INPUT MATERIAL below:

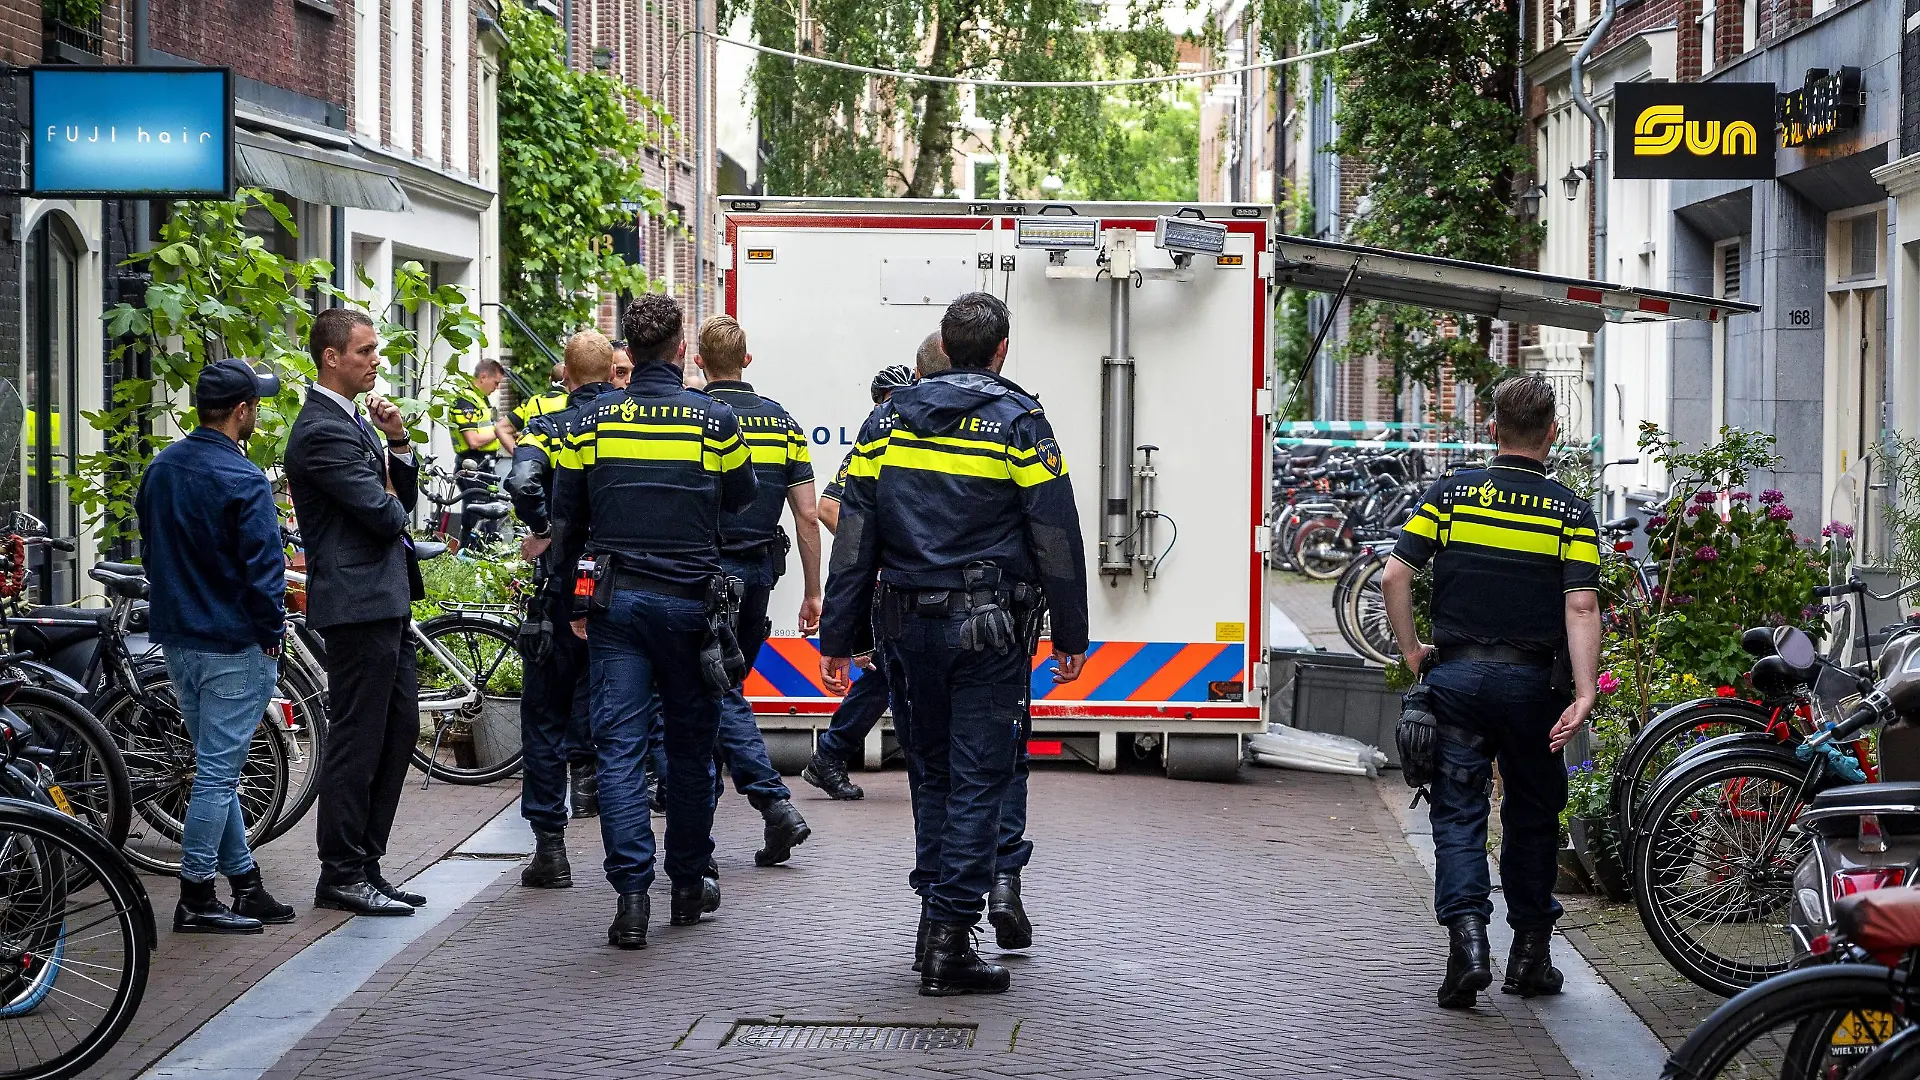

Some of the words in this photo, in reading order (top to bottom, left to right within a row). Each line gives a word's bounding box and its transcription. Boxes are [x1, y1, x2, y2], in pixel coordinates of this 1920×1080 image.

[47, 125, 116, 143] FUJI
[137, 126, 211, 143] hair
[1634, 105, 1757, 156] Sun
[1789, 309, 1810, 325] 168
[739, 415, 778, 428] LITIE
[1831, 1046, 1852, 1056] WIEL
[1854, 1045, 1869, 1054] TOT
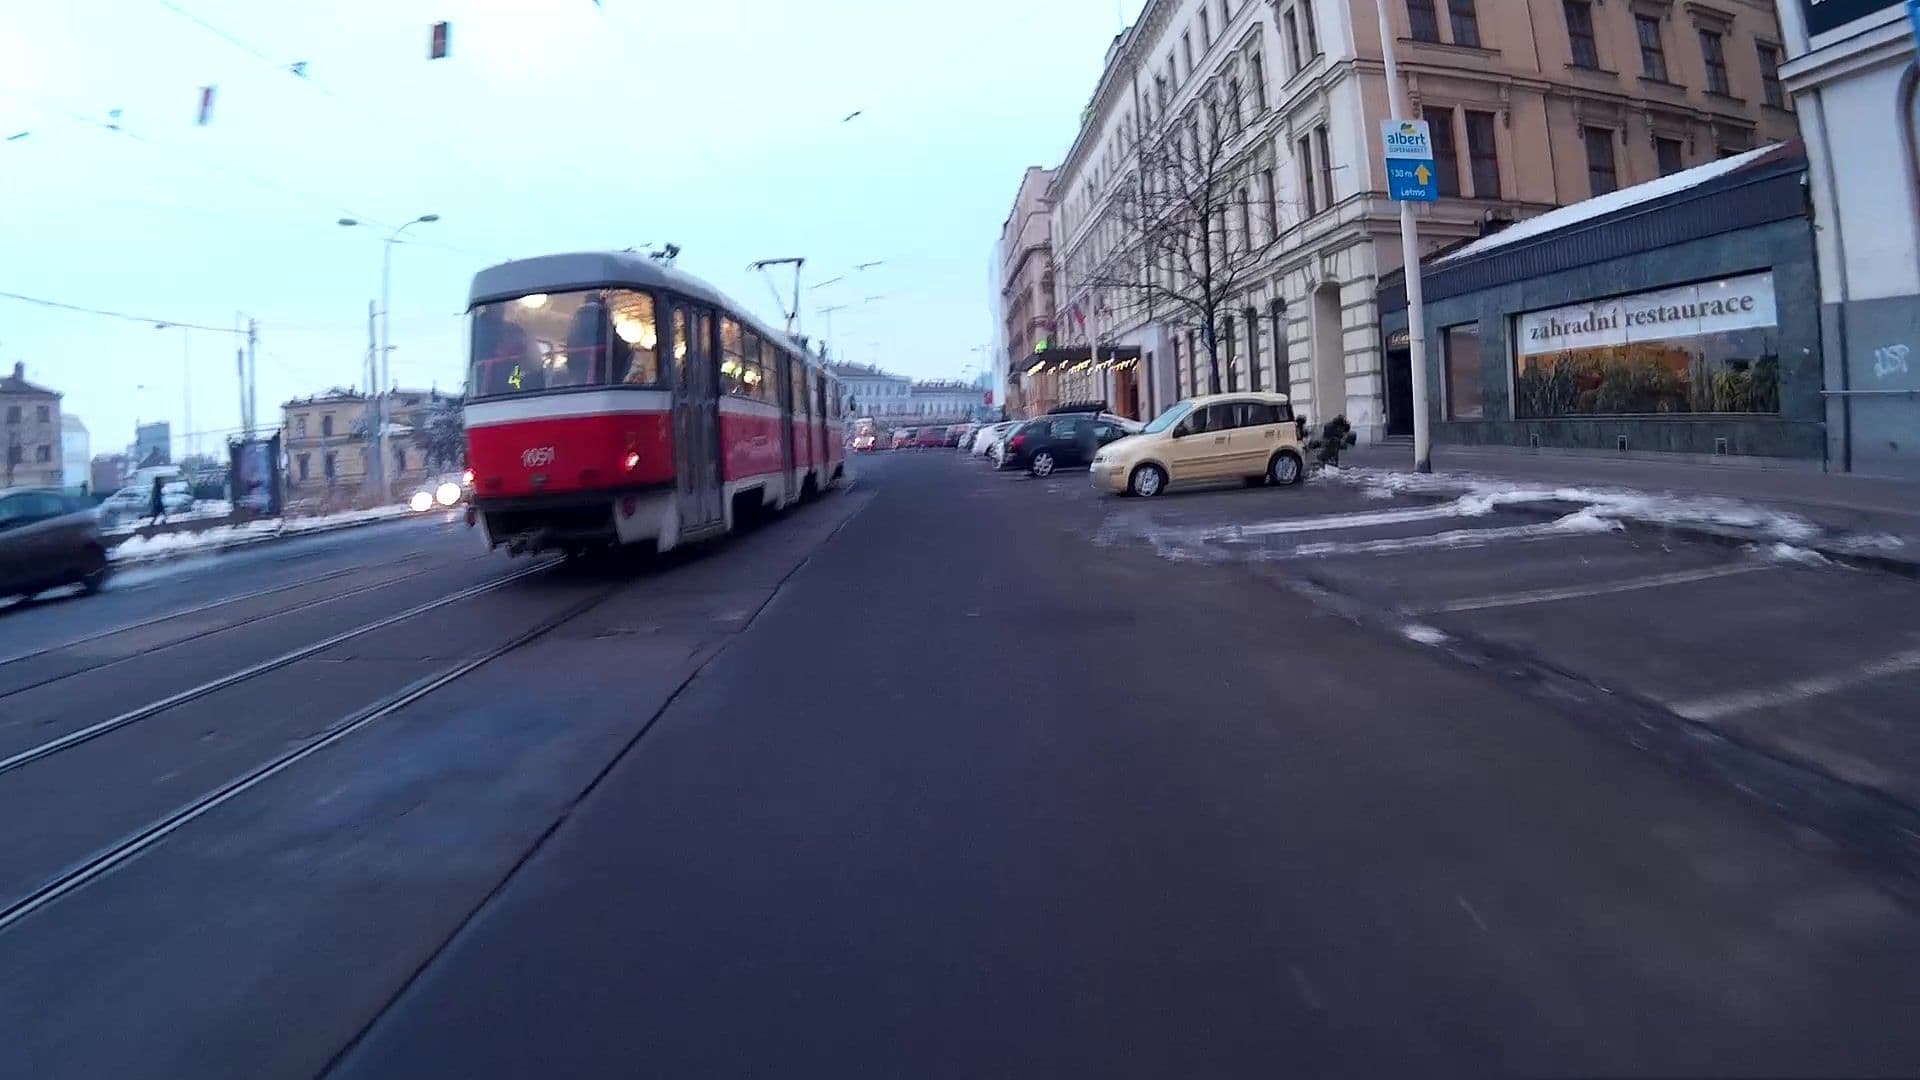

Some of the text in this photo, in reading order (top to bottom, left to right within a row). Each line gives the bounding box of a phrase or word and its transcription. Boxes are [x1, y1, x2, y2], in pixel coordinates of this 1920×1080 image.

End of INPUT MATERIAL.

◆ WORK REQUEST:
Above are the records; copy them exactly without the pictures.

◆ EXERCISE RESULT:
Some of the words in this photo, in reading order (top to bottom, left to right within a row). Each line gives a word's bounding box and its transcription. Boxes are [x1, y1, x2, y2], in pixel coordinates of this 1920×1080 image.

[47, 125, 116, 143] FUJI
[137, 126, 211, 143] hair
[1634, 105, 1757, 156] Sun
[1789, 309, 1810, 325] 168
[739, 415, 778, 428] LITIE
[1831, 1046, 1852, 1056] WIEL
[1854, 1045, 1869, 1054] TOT

Some of the text in this photo, in reading order (top to bottom, left to right within a row). Each line gives the bounding box of a phrase or word and its transcription. Boxes are [x1, y1, x2, y2], in pixel coordinates of this 1920×1080 image.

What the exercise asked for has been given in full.